The moral remains: if you have not specified an order by clause, do not expect any particular order to result. If one does, it is a coincidence that you should not rely on.

Re^6: Query database in Prolog
zby
created: 2005-12-30 02:56:58
First I was not talking about the order of records but the order of columns. Second I can force the order of columns by using the columns sequence in the SELECT clause - so I can have any order I want and particularily I can have the same order that was in the CREATE query.
Re^7: Query database in Prolog
created: 2005-12-30 16:49:39
Ah.

Yes, that works and is portable. However whenever I've dealt with code that tried to remember column names by position, it has been a maintainance issue. Every single time. (It wasn't always obvious to other people around me that it was a maintainance issue since the work of maintaining it and the routine failures in doing so were just accepted as normal.)
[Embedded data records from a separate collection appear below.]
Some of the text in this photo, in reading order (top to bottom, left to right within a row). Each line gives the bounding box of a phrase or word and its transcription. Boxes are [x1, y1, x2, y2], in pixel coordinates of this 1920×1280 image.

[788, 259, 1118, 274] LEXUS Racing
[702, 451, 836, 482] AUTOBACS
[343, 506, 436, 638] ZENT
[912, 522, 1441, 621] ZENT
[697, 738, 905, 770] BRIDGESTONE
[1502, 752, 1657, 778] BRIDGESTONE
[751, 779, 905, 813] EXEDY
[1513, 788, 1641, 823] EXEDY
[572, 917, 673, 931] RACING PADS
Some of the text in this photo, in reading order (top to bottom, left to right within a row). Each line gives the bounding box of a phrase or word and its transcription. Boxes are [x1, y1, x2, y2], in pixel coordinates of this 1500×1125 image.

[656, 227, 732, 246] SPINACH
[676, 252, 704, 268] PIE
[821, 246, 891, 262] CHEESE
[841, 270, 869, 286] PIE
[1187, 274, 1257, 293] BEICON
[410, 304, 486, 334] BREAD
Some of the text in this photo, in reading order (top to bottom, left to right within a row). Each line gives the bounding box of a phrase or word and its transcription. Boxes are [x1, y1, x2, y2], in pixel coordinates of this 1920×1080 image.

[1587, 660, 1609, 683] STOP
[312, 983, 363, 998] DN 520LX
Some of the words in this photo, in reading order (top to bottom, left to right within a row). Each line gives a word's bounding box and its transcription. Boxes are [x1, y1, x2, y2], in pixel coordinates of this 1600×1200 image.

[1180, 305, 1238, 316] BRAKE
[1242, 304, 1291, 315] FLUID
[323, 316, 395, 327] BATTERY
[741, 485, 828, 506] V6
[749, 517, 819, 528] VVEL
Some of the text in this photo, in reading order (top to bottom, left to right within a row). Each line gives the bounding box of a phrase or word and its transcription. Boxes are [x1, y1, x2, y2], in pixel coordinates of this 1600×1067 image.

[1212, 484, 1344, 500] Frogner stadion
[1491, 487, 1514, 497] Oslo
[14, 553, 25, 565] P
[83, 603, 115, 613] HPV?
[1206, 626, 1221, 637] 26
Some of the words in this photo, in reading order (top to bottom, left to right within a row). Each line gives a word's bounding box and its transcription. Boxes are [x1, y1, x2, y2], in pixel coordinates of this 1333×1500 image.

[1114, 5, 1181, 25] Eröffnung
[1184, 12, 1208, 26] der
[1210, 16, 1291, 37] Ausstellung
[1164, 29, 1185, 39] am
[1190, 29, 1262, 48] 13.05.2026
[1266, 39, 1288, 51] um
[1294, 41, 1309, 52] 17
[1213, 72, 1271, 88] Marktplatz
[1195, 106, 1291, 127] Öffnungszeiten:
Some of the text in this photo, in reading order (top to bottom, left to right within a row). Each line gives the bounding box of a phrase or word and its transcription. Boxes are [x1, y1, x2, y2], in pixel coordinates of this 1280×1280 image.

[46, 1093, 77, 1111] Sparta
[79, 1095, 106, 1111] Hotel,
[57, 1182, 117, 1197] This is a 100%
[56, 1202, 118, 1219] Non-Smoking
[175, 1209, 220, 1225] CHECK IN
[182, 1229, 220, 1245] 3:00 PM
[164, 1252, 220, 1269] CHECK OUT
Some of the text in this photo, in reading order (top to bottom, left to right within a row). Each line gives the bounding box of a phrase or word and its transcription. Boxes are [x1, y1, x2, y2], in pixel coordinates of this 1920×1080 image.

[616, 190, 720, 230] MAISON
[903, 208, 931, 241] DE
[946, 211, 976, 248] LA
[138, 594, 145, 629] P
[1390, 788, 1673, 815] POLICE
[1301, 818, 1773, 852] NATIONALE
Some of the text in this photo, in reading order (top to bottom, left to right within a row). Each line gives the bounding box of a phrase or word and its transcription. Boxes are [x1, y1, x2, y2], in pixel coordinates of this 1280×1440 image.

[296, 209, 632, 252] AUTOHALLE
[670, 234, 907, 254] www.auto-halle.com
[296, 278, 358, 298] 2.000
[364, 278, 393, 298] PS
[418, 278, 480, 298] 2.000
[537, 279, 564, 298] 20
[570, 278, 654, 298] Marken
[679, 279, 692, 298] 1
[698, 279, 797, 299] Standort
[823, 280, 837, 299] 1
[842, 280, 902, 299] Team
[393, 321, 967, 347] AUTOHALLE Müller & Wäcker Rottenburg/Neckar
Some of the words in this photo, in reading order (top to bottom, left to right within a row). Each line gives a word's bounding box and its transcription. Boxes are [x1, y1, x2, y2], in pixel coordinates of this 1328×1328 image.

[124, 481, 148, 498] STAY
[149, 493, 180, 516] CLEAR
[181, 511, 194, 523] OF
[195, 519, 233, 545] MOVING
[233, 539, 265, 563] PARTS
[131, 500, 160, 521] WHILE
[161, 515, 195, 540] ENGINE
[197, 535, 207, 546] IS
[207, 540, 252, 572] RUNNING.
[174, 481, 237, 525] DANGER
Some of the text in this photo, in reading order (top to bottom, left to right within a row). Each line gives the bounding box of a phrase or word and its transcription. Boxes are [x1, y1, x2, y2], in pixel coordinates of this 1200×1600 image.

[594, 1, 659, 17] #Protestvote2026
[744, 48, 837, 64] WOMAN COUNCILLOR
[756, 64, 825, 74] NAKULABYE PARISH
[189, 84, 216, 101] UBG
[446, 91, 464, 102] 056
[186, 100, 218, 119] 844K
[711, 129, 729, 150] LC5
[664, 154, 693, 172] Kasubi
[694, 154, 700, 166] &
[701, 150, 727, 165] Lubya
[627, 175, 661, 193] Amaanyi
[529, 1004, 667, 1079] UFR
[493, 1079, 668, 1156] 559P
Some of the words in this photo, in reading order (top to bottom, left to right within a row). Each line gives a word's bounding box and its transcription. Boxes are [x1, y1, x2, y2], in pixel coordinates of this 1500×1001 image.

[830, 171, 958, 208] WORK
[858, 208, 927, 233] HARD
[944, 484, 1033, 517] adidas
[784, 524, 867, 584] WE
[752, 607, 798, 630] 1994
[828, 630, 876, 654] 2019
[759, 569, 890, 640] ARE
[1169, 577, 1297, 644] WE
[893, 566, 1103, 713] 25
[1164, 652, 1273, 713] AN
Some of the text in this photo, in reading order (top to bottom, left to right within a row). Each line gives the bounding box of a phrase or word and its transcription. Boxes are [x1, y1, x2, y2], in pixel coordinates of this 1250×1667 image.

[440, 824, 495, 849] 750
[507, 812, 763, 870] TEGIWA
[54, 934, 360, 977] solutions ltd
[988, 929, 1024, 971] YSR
Therefore even though you can do things that way, I strongly recomment that you not do so. Albeit for different reasons than what I thought you were talking about.

Re^8: Query database in Prolog
zby
created: 2005-12-30 18:03:57
I welcome ideas how to make the code independent on column position - I clearly expressed in the main article that I am waiting for other ideas how to convert the database relations to logic. The example is much complicated by the dependence on column order - but i don't know how to get rid of it in a simple way.
Re^9: Query database in Prolog
created: 2005-12-30 19:10:50
I tend to use raw DBI and fetchrow_hashref. Now I have columns by name. That won't be portable across databases (different databases handle capitalization of field names differently) but I've generally only found myself working with one database at a time so it isn't an issue for me.

Note that if you're processing large amounts of data, making those anonymous hashes is slower. I've never found that to be a bottleneck for me, but I've always had to deal with remote databases and have never worked with more than a few billion rows. (And on large datasets, my performance expectations were already set by the amount of data.) YMMV.

Re^10: Query database in Prolog
created: 2005-12-30 20:22:34
I tend to use raw DBI and fetchrow_hashref. Now I have columns by name. That won't be portable across databases (different databases handle capitalization of field names differently)
If you set $dbh->{fetchHashKeyName} = NAME_uc or NAME_lc at the top of your scripts, then the hash fetches will be portable across databases since they'll all be in either uc or lc.
Re^10: Query database in Prolog
zby
created: 2005-12-31 04:50:05
It is not about DBI - but about converting relations to logic predicates. I know how to get the data from the database (and if you looked at my first post in this thread you would discover that I use an ORM for that - that is order independent), it is the conversion that is the difficult and in my solution order dependent step. I don't want to be rude but I think you did not read the whole thread here and now you attack me with some straw man tactics. It is insulting when you suppose that I don't know basic facts.
Re^10: Query database in Prolog
created: 2006-01-05 16:21:57

> Note that if you're processing large amounts of data, making those anonymous hashes is slower.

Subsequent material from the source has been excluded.